Zu welchen Berufen kann man Jugendlichen derzeit ernsthaft raten?
Ich halte nichts davon, bestimmte Berufe zu empfehlen. Am Ende muss man jungen Menschen raten, das zu tun, wozu sie Spaß und Talent haben. Jeder vermeintlich zukunftsträchtige Beruf, der keine Freude bringt, macht keinen Sinn. Die Berufswahl sollte jede und jeder Jugendliche nach Eignung und Neigung treffen, dann gehen sie garantiert erfolgreich durchs Leben.
Wie ist in Baden-Württemberg aktuell die Lage zum Ausbildungsstart in diesem September?

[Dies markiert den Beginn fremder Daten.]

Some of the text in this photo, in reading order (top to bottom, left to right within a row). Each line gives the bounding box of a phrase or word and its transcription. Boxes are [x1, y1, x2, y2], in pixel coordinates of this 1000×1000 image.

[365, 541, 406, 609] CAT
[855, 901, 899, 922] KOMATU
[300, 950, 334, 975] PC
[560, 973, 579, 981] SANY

Nach unserer Statistik gibt es aktuell rund 7,5 Prozent weniger gemeldete Ausbildungsstellen im Vergleich zum Vorjahr und auch einen Rückgang bei den Bewerbungen. Ein Teil der Jugendlichen hat sich frühzeitig für eine schulische Weiterbildung entschieden. Wir werden mit Sicherheit zum 30. September mehr unversorgte Bewerber haben als im September vergangenen Jahres. Ich sehe aber keinen Grund, dass es für das Jahr 2020 dramatische Zahlen an Jugendlichen geben wird, die auf der Straße stehen. Viele Betrieben stellen auch noch im Oktober und November ein.
Sie haben im Frühsommer gesagt, dass Sie mit etwa zehn Prozent weniger Ausbildungsstellen rechnen als im Vorjahr – hat sich das bewahrheitet?

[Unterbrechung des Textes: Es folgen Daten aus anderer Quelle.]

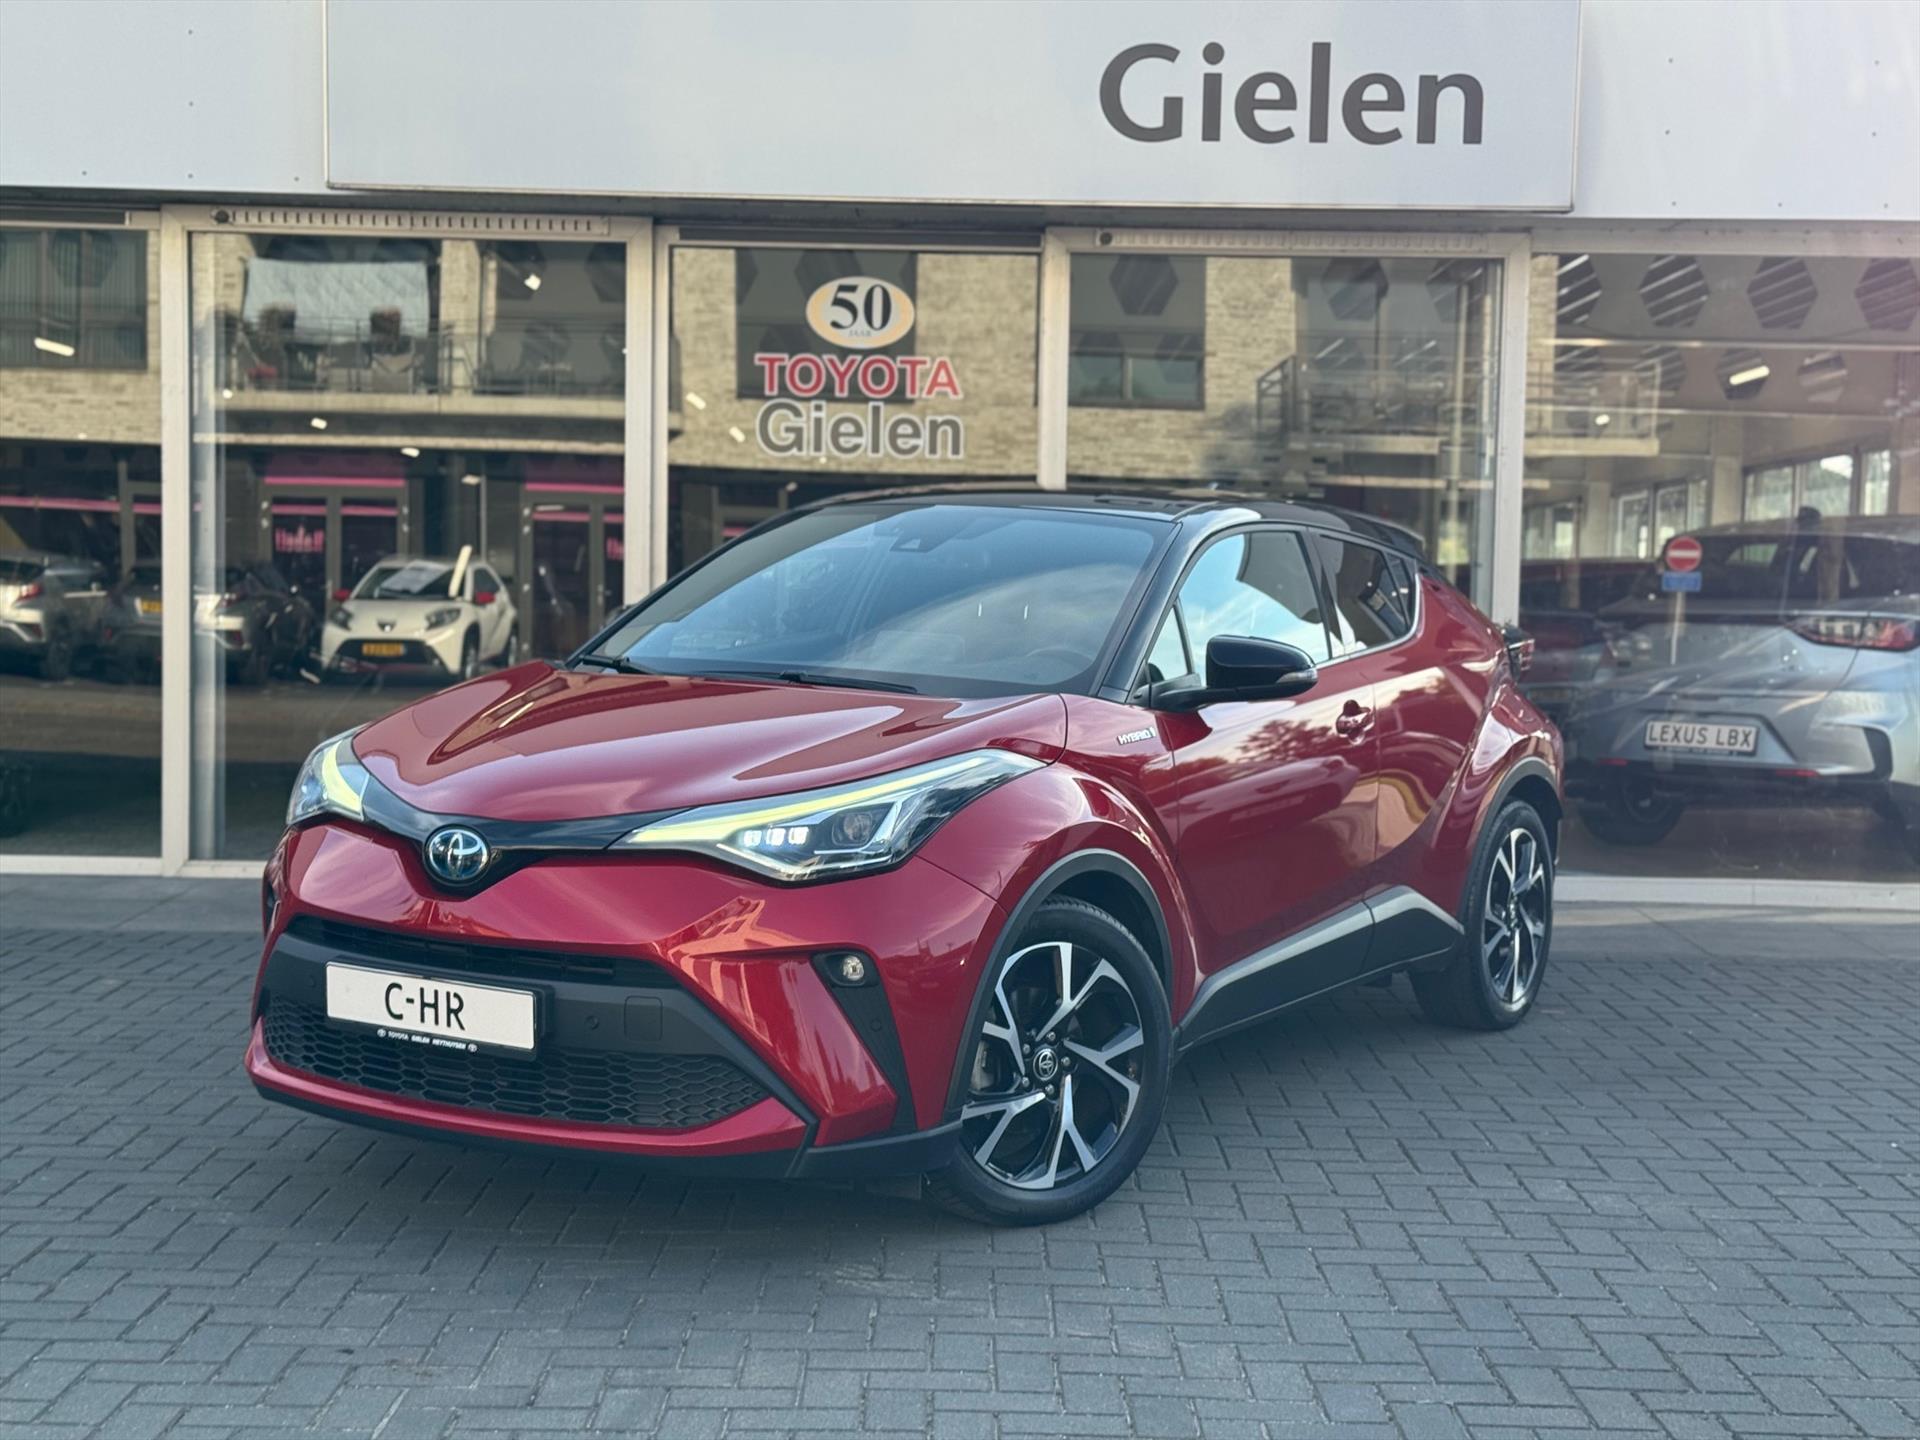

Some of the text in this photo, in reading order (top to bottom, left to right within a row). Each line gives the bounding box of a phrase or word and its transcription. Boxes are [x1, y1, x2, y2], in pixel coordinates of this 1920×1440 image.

[1100, 41, 1484, 146] Gielen
[830, 283, 892, 331] 50
[755, 354, 962, 398] TOYOTA
[757, 399, 963, 457] Gielen
[1117, 729, 1151, 744] HYBRID
[1648, 724, 1752, 748] LEXUS LBX
[384, 982, 466, 1031] C-HR

Ein paar gemeldete Stellen werden sich bestimmt noch in Luft auflösen. Vor allem im Hotel- und Gaststättengewerbe sind die Einbrüche deutlich größer: Hier haben wir 40 Prozent weniger Ausbildungsstellen als im Vorjahr. Auch im Handel gibt es Einbrüche. Aber fast über alle Branchen hinweg werden noch Ausbildungsstellen angeboten. Im Einzelhandel sind noch 1800 Stellen offen, 1600 offene Ausbildungsstellen gibt es als Koch oder Köchin. Aber manchmal passen Betrieb und Bewerber auch einfach regional nicht.
Wie entwickelt sich die Ausbildungssituation aktuell im Handwerk, das ohnehin händeringend Auszubildende sucht?
Das Handwerk verzeichnet insgesamt auch weniger Stellen als im Vorjahr. Man kann noch nicht sagen, dass es von Rückgängen in anderen Branchen profitiert hat
Es hat sich gezeigt, dass der Ausgleichsprozess überall gestört ist, also dass Angebot und Nachfrage nicht zusammenkommen. Das liegt auch daran, dass Betriebe aufgrund der Corona-Maßnahmen seit März keine Schulbesuche machen konnten wie sonst und dass es keine Ausbildungsmessen gab.
Aufgrund der Corona-Vorschriften sind Ausbildungsmessen ausgefallen. Wie gelingt es nun, dass sich Bewerber und Ausbilder trotzdem zusammenfinden?
Hauptansatz war, die Menschen auf beiden Seiten über virtuelle Medien zusammenzubringen. Großbetriebe haben auf Online-Verfahren umgestellt. Kammern haben virtuelle Veranstaltungen angeboten. In kurzer Zeit ist viel aus dem Boden gestampft worden. Aber all diese Bemühungen hatten nicht die gleiche Reichweite wie die klassische, persönliche Form.
Was ist aus dem Plan geworden, einen zusätzlichen Ausbildungsbeginn zum Februar 2021 anzubieten?
Nach meinem Kenntnisstand arbeiten die Kammern dran. Dass es den zusätzlichen Ausbildungsbeginn zum Februar 2021 geben wird, ist im Ausbildungsbündnis auf Landesebene beschlossen worden. Die Kammern und Berufsschulen arbeiten daran. Da gibt es einen Arbeitskreis, der sich darum kümmert.
Wie steht es um die Ausbildungssituation im Süden im Vergleich zu anderen Bundesländern?
Ich würde es so einordnen, dass Baden-Württemberg zusammen mit Bayern immer einen der besten Ausbildungsmärkte gehabt hat. Da hat sich auch durch Corona nicht viel verändert. Ich würde sagen, der Süden ist 2020 mit einem blauen Auge davongekommen.
Wie viel Unsicherheit seitens der ausbildenden Betriebe nehmen Sie zurzeit wahr?
Für 2020 ist die Unsicherheit im Hotel- und Gaststättenbereich groß, weil man sich die Fragen stellt: Wie wird das Kundenaufkommen, wenn der Sommer vorbei ist? Kann ich es mir leisten, neue Mitarbeiter auszubilden? Insgesamt ist die Unsicherheit für 2020 aber gar nicht so groß – schlimmer ist es für 2021: Wie werden die Konjunktur und Liquidität dann sein wegen Corona?
Was raten Sie Ausbildungswilligen, die ihren Wunschplatz zum September nicht ergattern konnten?
Nicht resignieren! Diese Zeit bis Jahresende ist anders als in den Vorjahren, wo aber auch immer noch Ausbildungsverhältnisse begonnen haben. Der verspätete Ausbildungsbeginn wird dieses Jahr einen höheren Stellenwert haben.
Ich rate dazu, den Kontakt mit Kammern und Berufsberatung zu halten und die Ohren aufzuhalten, wo man sich noch bewerben kann. Die Bücher sind noch nicht geschlossen.